Bio

Dr. Elting’s interest in biophysics was first sparked as an undergraduate in the Weninger Lab in the NCSU physics department. She went on to complete her PhD in Applied Physics at Stanford University in 2006, where she modularly engineered myosin molecular motors to explain how molecular structure supports mechanical force generation. As a postdoc at the University of California, San Francisco, she next probed how biological macromolecules self-organize to generate force at the cellular, rather than molecular, length-scale in the mitotic spindle. Dr. Elting returned to the NCSU Physics Department as an Assistant Professor in Fall 2017. She is also a member of the Quantitative and Computational Developmental Biology cluster through the Chancellor’s Faculty Excellence Program. In collaboration with others in that cluster, she plans to apply her approaches to understanding how biological force scales not only from the molecular to the cellular level, but also between cells and across tissues.

Area(s) of Expertise

The broad question that drives Dr. Elting's research is how biological macromolecules - which are several orders of magnitude smaller than the cellular structures they build - self-organize to exert mechanical force and accomplish biological function. Through experiments both in the test tube and in live cells, her lab probes the self-assembly of cytoskeletal architectures in the mitotic spindle, the cellular machine that segregates chromosomes when cells divide. The task this machine must accomplish is critical to both human health and development, as mistakes in cell division lead to cancer, birth defects, and miscarriage. To address how the spindle is able to do its job so accurately and robustly, Dr.
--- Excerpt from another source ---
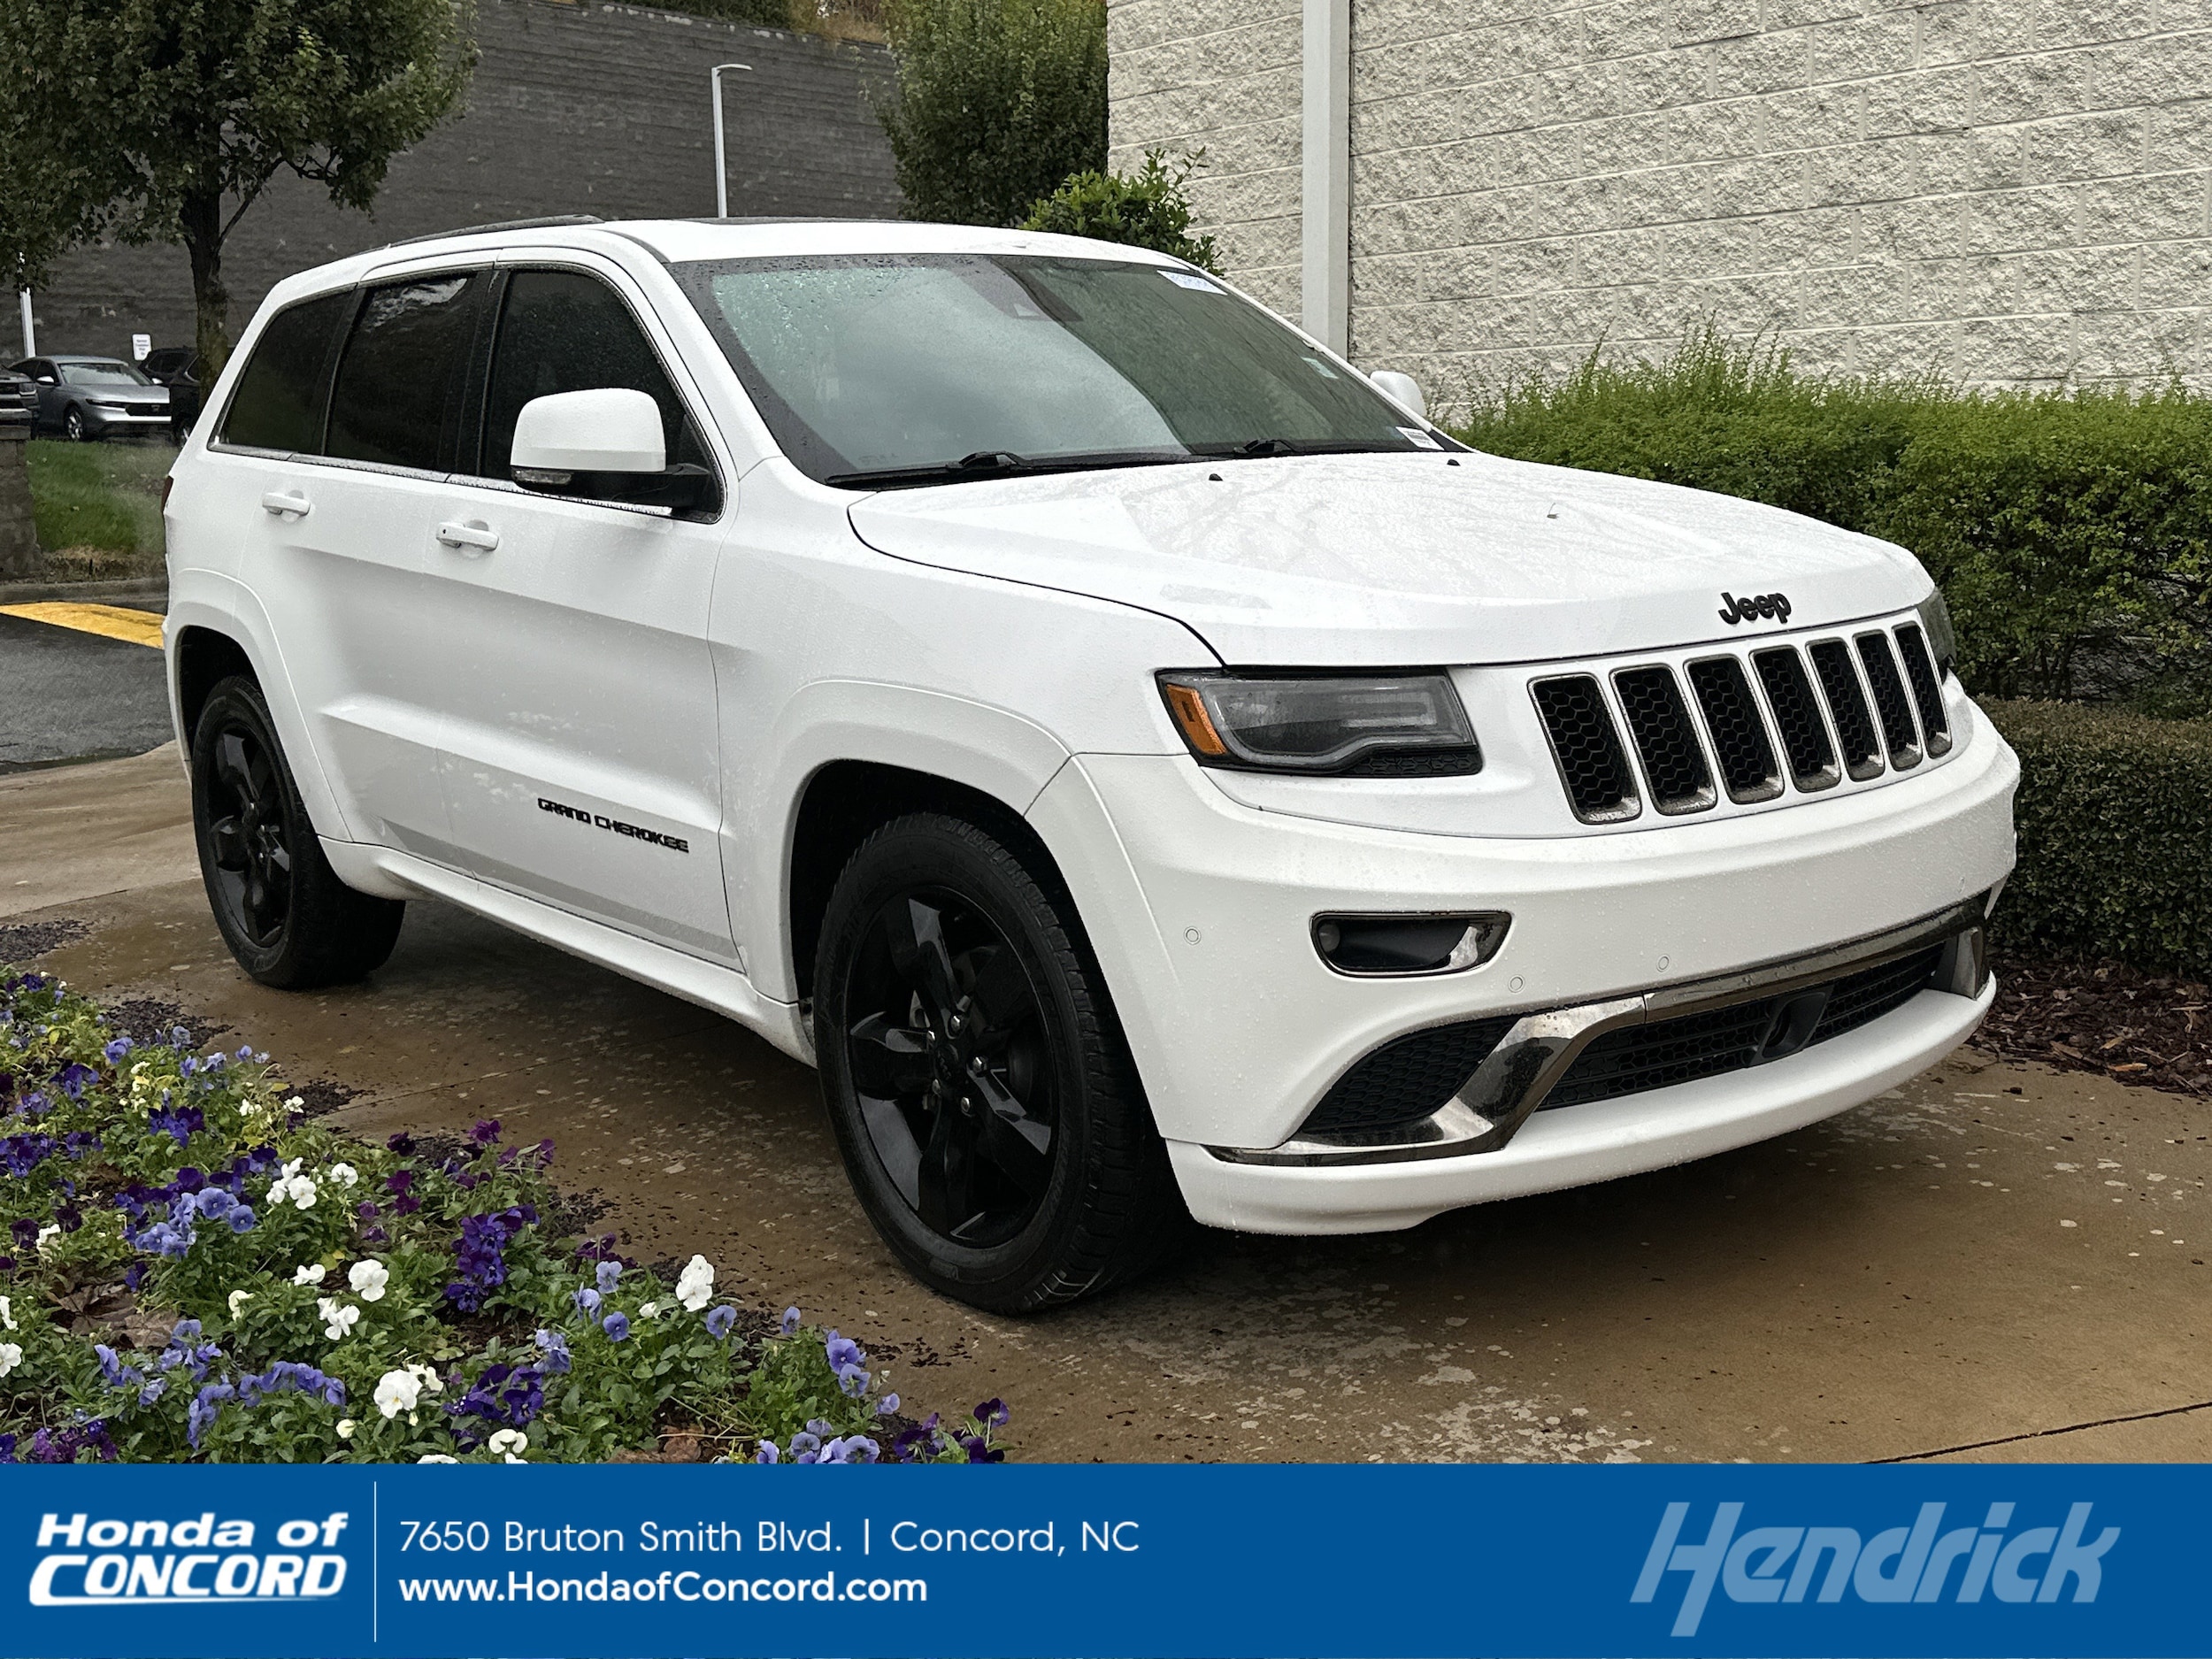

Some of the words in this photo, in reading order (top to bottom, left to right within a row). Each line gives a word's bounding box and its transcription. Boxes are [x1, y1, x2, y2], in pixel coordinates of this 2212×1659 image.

[1717, 592, 1792, 625] Jeep
[537, 797, 592, 825] GRAND
[594, 815, 689, 854] CHEROKEE
Elting's approach combines spinning-disk confocal microscopy, quantitative image analysis, mechanical perturbations in live cells via laser ablation, and bio-molecular engineering.

Publications

• Spindle biochemistry responds to compressive force from the nuclear envelope to tune spindle dynamics during closed mitosis , bioRxiv (Cold Spring Harbor Laboratory) (2026)
• BPS2025 - Probing nuclear mechanics across cell division through protein diffusion , Biophysical Journal (2025)
• Cellularization in chytrid fungi uses distinct mechanisms from conventional cytokinesis and cellularization in animals and yeast , Current Biology (2025)
• Cellularization in chytrid fungi uses distinct mechanisms from conventional cytokinesis and cellularization in animals and yeast , bioRxiv (Cold Spring Harbor Laboratory) (2025)
• Mechanical Coupling With the Nuclear Envelope Shapes the Schizosaccharomyces pombe Mitotic Spindle , Cytoskeleton (2025)
• Extended time, elevated expectations: The unappreciated downsides of pausing the tenure clock , Proceedings of the National Academy of Sciences (2024)
• A unified model for the dynamics of ATP-independent ultrafast contraction , Proceedings of the National Academy of Sciences (2023)
• Mitosis: Augmin-based bridges keep kinetochores in line , Current Biology (2023)
• A unified model for the dynamics of ATP-independent ultrafast contraction , bioRxiv (Cold Spring Harbor Laboratory) (2022)
• Laser ablation reveals the impact of Cdc15p on the stiffness of the contractile ring , Molecular Biology of the Cell (2022)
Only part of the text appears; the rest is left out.